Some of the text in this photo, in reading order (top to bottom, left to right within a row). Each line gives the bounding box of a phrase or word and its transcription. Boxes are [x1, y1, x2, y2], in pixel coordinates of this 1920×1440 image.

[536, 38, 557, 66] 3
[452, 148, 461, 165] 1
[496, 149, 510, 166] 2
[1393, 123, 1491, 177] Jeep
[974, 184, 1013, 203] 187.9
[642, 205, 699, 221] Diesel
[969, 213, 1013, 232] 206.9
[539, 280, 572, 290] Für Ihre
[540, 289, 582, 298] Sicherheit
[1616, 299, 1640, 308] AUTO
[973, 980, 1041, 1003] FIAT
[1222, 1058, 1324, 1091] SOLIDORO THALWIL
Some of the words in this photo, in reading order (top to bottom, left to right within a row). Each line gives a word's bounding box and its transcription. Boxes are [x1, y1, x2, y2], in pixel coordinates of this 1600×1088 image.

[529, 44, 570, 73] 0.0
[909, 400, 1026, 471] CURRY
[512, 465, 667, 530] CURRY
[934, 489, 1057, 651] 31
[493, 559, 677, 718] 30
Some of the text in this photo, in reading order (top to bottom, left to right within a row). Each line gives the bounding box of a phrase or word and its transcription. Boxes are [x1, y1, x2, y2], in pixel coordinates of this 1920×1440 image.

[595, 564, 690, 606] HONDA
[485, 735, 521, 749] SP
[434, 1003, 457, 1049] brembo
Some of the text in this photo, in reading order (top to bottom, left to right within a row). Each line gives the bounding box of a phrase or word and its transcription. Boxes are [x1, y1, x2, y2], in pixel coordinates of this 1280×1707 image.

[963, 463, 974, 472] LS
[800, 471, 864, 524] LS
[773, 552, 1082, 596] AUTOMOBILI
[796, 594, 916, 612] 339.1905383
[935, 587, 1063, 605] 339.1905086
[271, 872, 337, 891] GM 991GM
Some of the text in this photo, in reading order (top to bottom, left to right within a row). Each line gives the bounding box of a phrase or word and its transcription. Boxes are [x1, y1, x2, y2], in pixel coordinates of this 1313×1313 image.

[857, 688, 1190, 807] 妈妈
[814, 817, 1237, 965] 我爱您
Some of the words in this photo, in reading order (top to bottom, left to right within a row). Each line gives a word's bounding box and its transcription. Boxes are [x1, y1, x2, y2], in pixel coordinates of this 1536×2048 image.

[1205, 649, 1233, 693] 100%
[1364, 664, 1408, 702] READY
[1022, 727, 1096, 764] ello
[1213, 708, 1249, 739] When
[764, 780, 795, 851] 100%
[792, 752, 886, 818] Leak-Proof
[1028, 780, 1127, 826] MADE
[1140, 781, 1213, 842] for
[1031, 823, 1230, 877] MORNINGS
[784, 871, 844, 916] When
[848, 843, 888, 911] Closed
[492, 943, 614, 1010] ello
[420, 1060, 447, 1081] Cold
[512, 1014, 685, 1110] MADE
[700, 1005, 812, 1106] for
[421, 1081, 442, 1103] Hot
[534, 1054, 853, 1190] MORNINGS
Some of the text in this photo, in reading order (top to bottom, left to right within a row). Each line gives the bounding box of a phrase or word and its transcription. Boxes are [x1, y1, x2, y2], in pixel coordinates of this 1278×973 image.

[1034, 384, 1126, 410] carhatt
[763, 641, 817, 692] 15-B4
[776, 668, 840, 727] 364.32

━━━━━━━━━━━━━━━━━━━━

- [WORK REQUEST]:
The listing above is to be restated word for word.

- [EXERCISE SOLUTION]:
Some of the text in this photo, in reading order (top to bottom, left to right within a row). Each line gives the bounding box of a phrase or word and its transcription. Boxes are [x1, y1, x2, y2], in pixel coordinates of this 1920×1440 image.

[536, 38, 557, 66] 3
[452, 148, 461, 165] 1
[496, 149, 510, 166] 2
[1393, 123, 1491, 177] Jeep
[974, 184, 1013, 203] 187.9
[642, 205, 699, 221] Diesel
[969, 213, 1013, 232] 206.9
[539, 280, 572, 290] Für Ihre
[540, 289, 582, 298] Sicherheit
[1616, 299, 1640, 308] AUTO
[973, 980, 1041, 1003] FIAT
[1222, 1058, 1324, 1091] SOLIDORO THALWIL
Some of the words in this photo, in reading order (top to bottom, left to right within a row). Each line gives a word's bounding box and its transcription. Boxes are [x1, y1, x2, y2], in pixel coordinates of this 1600×1088 image.

[529, 44, 570, 73] 0.0
[909, 400, 1026, 471] CURRY
[512, 465, 667, 530] CURRY
[934, 489, 1057, 651] 31
[493, 559, 677, 718] 30
Some of the text in this photo, in reading order (top to bottom, left to right within a row). Each line gives the bounding box of a phrase or word and its transcription. Boxes are [x1, y1, x2, y2], in pixel coordinates of this 1920×1440 image.

[595, 564, 690, 606] HONDA
[485, 735, 521, 749] SP
[434, 1003, 457, 1049] brembo
Some of the text in this photo, in reading order (top to bottom, left to right within a row). Each line gives the bounding box of a phrase or word and its transcription. Boxes are [x1, y1, x2, y2], in pixel coordinates of this 1280×1707 image.

[963, 463, 974, 472] LS
[800, 471, 864, 524] LS
[773, 552, 1082, 596] AUTOMOBILI
[796, 594, 916, 612] 339.1905383
[935, 587, 1063, 605] 339.1905086
[271, 872, 337, 891] GM 991GM
Some of the text in this photo, in reading order (top to bottom, left to right within a row). Each line gives the bounding box of a phrase or word and its transcription. Boxes are [x1, y1, x2, y2], in pixel coordinates of this 1313×1313 image.

[857, 688, 1190, 807] 妈妈
[814, 817, 1237, 965] 我爱您
Some of the words in this photo, in reading order (top to bottom, left to right within a row). Each line gives a word's bounding box and its transcription. Boxes are [x1, y1, x2, y2], in pixel coordinates of this 1536×2048 image.

[1205, 649, 1233, 693] 100%
[1364, 664, 1408, 702] READY
[1022, 727, 1096, 764] ello
[1213, 708, 1249, 739] When
[764, 780, 795, 851] 100%
[792, 752, 886, 818] Leak-Proof
[1028, 780, 1127, 826] MADE
[1140, 781, 1213, 842] for
[1031, 823, 1230, 877] MORNINGS
[784, 871, 844, 916] When
[848, 843, 888, 911] Closed
[492, 943, 614, 1010] ello
[420, 1060, 447, 1081] Cold
[512, 1014, 685, 1110] MADE
[700, 1005, 812, 1106] for
[421, 1081, 442, 1103] Hot
[534, 1054, 853, 1190] MORNINGS
Some of the text in this photo, in reading order (top to bottom, left to right within a row). Each line gives the bounding box of a phrase or word and its transcription. Boxes are [x1, y1, x2, y2], in pixel coordinates of this 1278×973 image.

[1034, 384, 1126, 410] carhatt
[763, 641, 817, 692] 15-B4
[776, 668, 840, 727] 364.32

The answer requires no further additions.